Start of Records shown
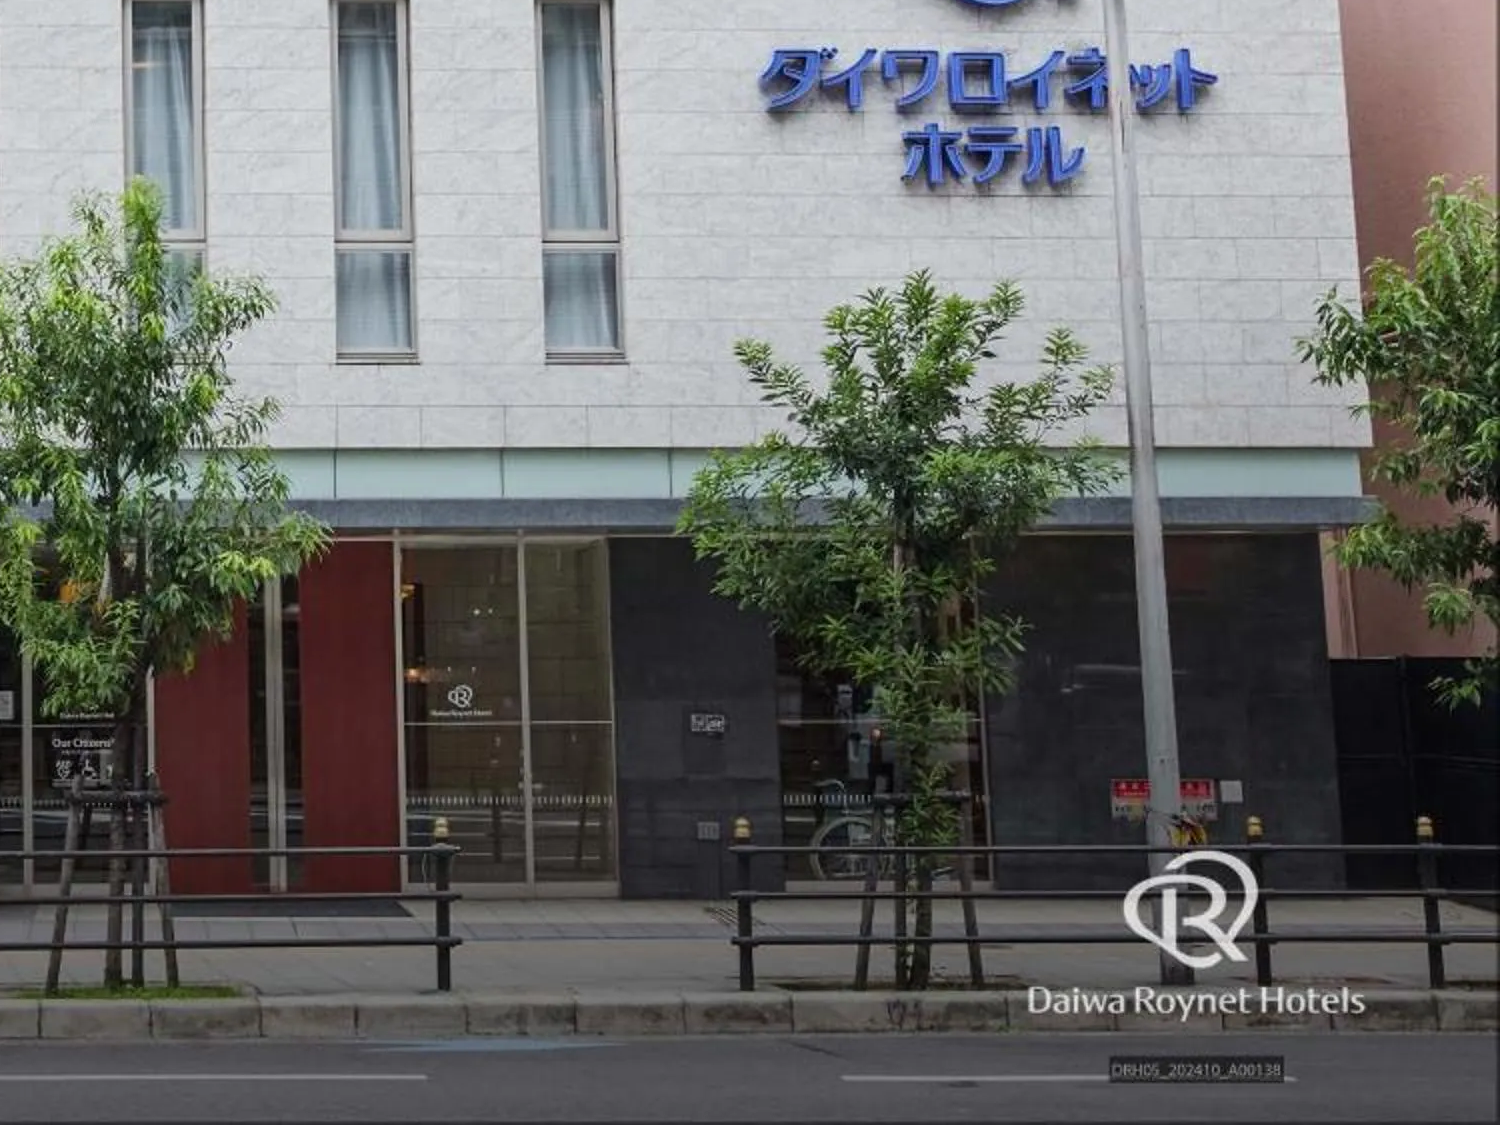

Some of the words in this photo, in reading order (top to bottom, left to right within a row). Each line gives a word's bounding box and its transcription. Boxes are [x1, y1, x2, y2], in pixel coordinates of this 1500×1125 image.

[759, 48, 1219, 112] ダイワロイネット
[901, 123, 1086, 188] ホテル
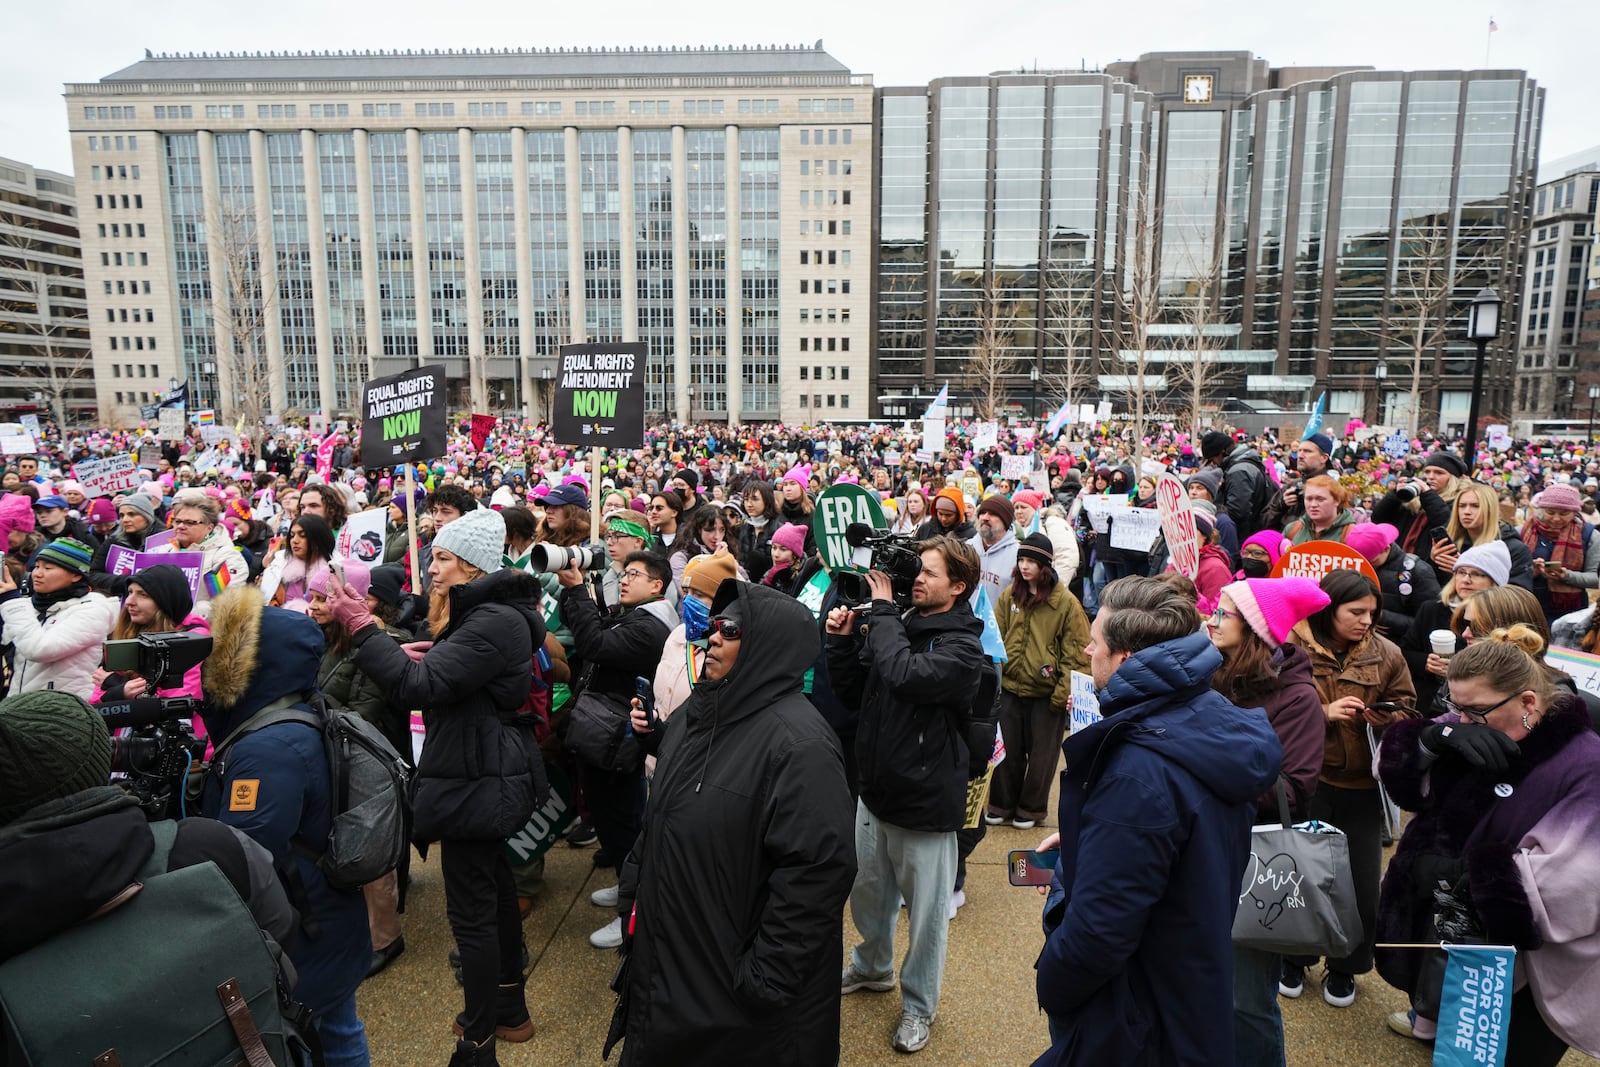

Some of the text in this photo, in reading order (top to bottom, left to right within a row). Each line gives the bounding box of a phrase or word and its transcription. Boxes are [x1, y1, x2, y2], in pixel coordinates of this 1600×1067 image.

[563, 354, 635, 373] EQUAL RIGHTS
[367, 375, 434, 404] EQUAL RIGHTS
[561, 372, 633, 388] AMENDMENT
[369, 391, 434, 419] AMENDMENT
[573, 390, 618, 418] NOW
[382, 409, 421, 441] NOW
[820, 494, 874, 535] ERA
[826, 533, 853, 569] NO
[1289, 552, 1364, 572] RESPECT
[1282, 568, 1328, 583] WOM
[97, 704, 131, 716] RØD
[1286, 896, 1306, 909] RN
[1455, 965, 1480, 1053] FUTURE
[1473, 965, 1495, 1064] FOR OUR
[1486, 955, 1509, 1067] MARCHIN
End of Records shown
What this task involves
The line containing "Some of the text" marks the start. Reproduce it and all lines after it through the end of the listing, exactly and alone.

Finished exercise
Some of the text in this photo, in reading order (top to bottom, left to right within a row). Each line gives the bounding box of a phrase or word and its transcription. Boxes are [x1, y1, x2, y2], in pixel coordinates of this 1600×1067 image.

[563, 354, 635, 373] EQUAL RIGHTS
[367, 375, 434, 404] EQUAL RIGHTS
[561, 372, 633, 388] AMENDMENT
[369, 391, 434, 419] AMENDMENT
[573, 390, 618, 418] NOW
[382, 409, 421, 441] NOW
[820, 494, 874, 535] ERA
[826, 533, 853, 569] NO
[1289, 552, 1364, 572] RESPECT
[1282, 568, 1328, 583] WOM
[97, 704, 131, 716] RØD
[1286, 896, 1306, 909] RN
[1455, 965, 1480, 1053] FUTURE
[1473, 965, 1495, 1064] FOR OUR
[1486, 955, 1509, 1067] MARCHIN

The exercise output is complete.